How the Indians let the Orioles grab the unprotected Guthrie last offseason is one of the major gaffes of the season. The right-hander hasn't been good, he's been overpowering with a 97-mph fastball and a power sinker. If Guthrie's second half approaches his 2.74 ERA and his stream of quality starts, then Baltimore may have stolen one of the building blocks of a franchise.

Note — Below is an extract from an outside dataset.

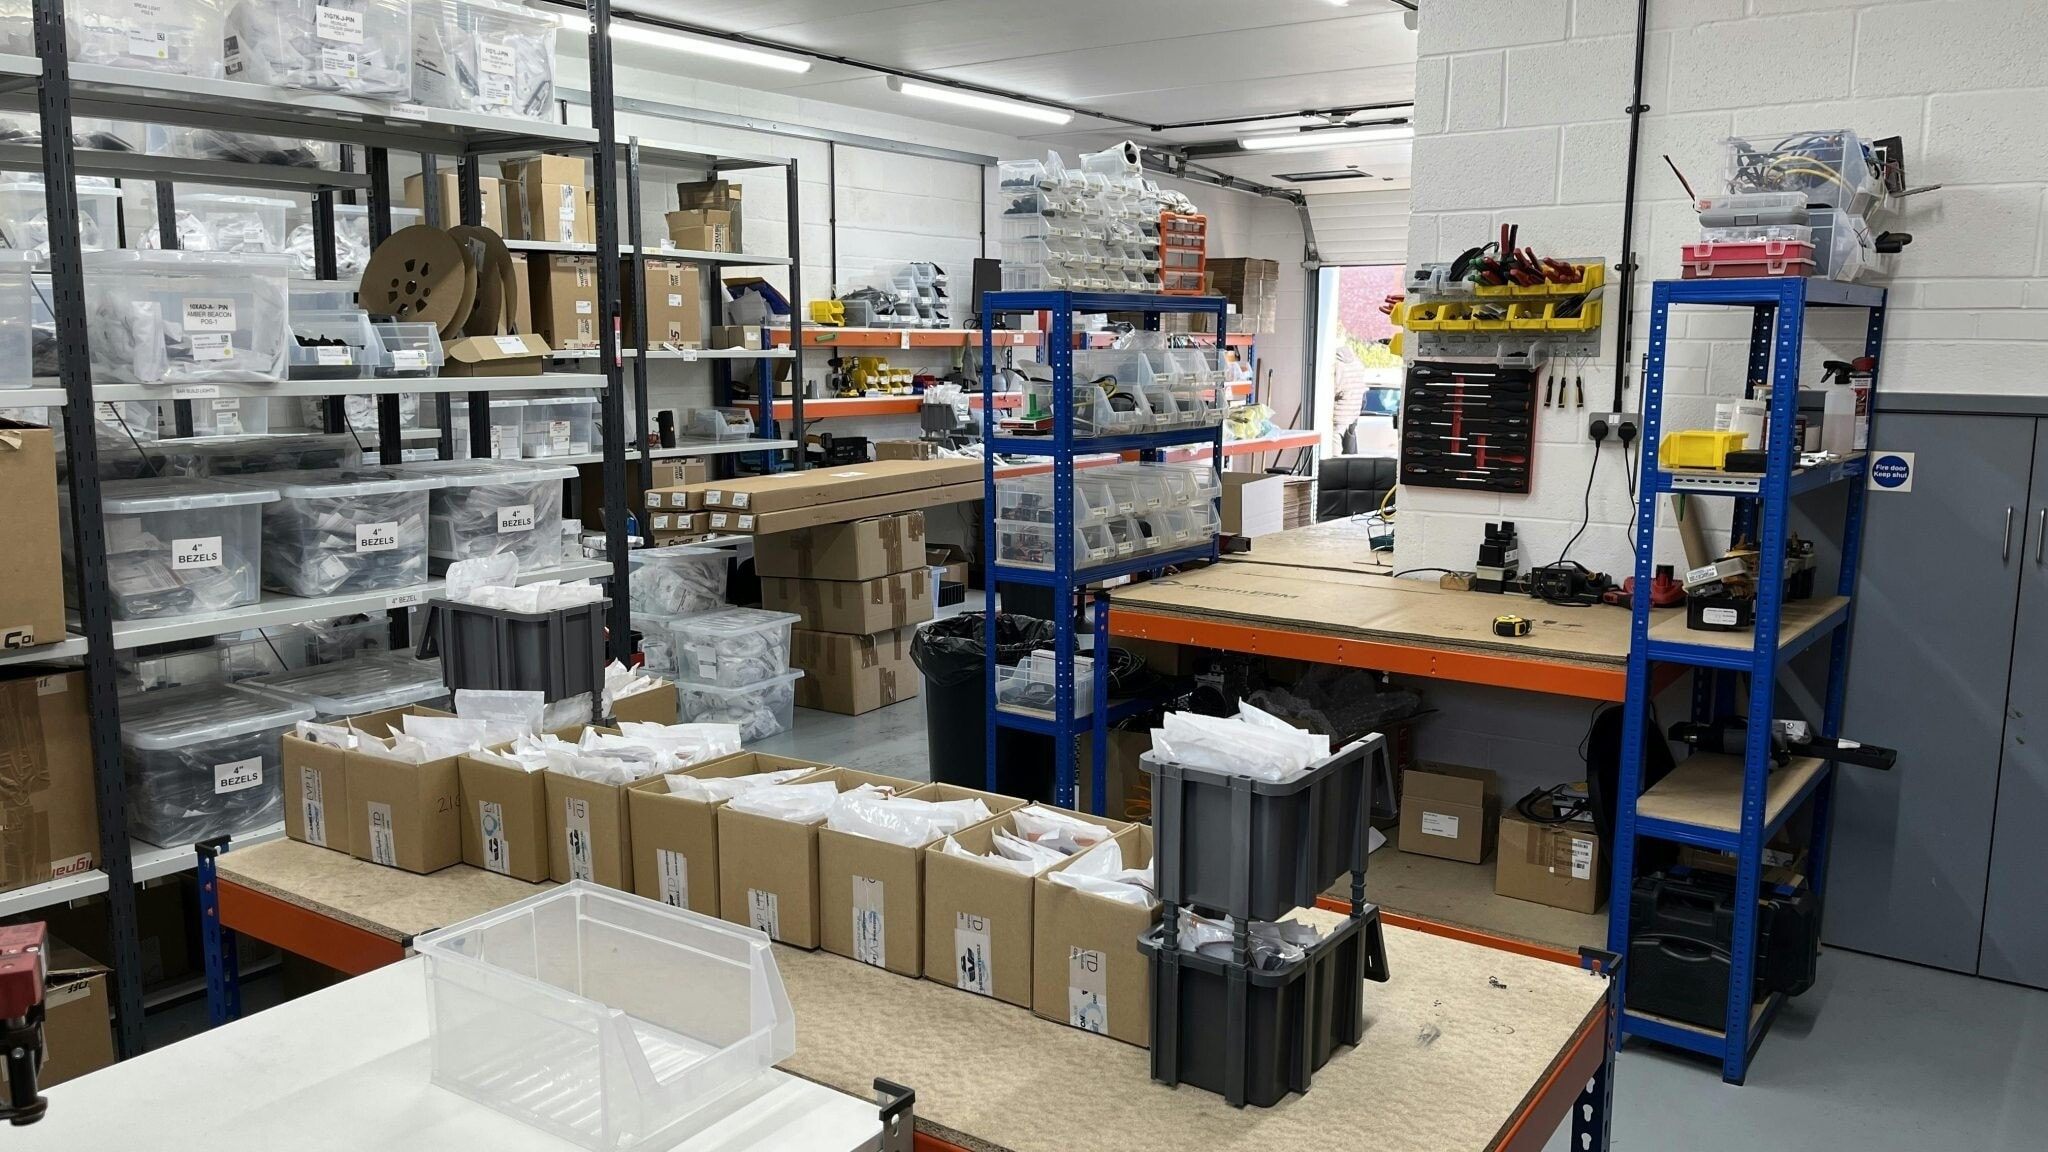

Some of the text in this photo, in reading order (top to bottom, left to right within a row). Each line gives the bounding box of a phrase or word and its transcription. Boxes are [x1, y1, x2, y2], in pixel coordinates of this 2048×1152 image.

Next season, the Orioles will add southpaw Adam Loewen, now injured, as a promising young complement to Bedard and Guthrie. If only 6-foot-9 fireballer Daniel Cabrera were as good as his stuff. But, apparently, he's not. Eventually, you have to believe the stats -- 6-10 with a 5.04 ERA.

Midseason optimism is one of baseball's staples, in part because it is so necessary in the face of a grueling schedule. Every season, a few spunky teams perform better than expected until they reach the 100- to-110-game point in the season. Then, some of them simply melt. That is why, as the July 31 trade deadline approaches, neither the Nationals nor Orioles should aggressively try to trade veterans to contenders for marginal minor league prospects.

After all his years managing in the minors, Trembley deserves a square chance to prove what he can do with his current Orioles squad. For the Nationals, the issue is even more important. Dmitri Young (.339) and Ronnie Belliard (.299) must not be traded. Instead of dealing them, the Nationals should be trying to negotiate new contracts with both. Belliard is too versatile and Young is simply too valuable -- both as a player and a clubhouse personality -- to squander. Besides, Nationals fans have been given little enough to cheer this season without strip-mining a team that already operates with an eviscerated budget.

The dog days are coming, the time when losing teams with poor morale sometimes simply roll over. But the Nationals and Orioles have no excuse to play like canines. Remember, where there is pitching, there is hope.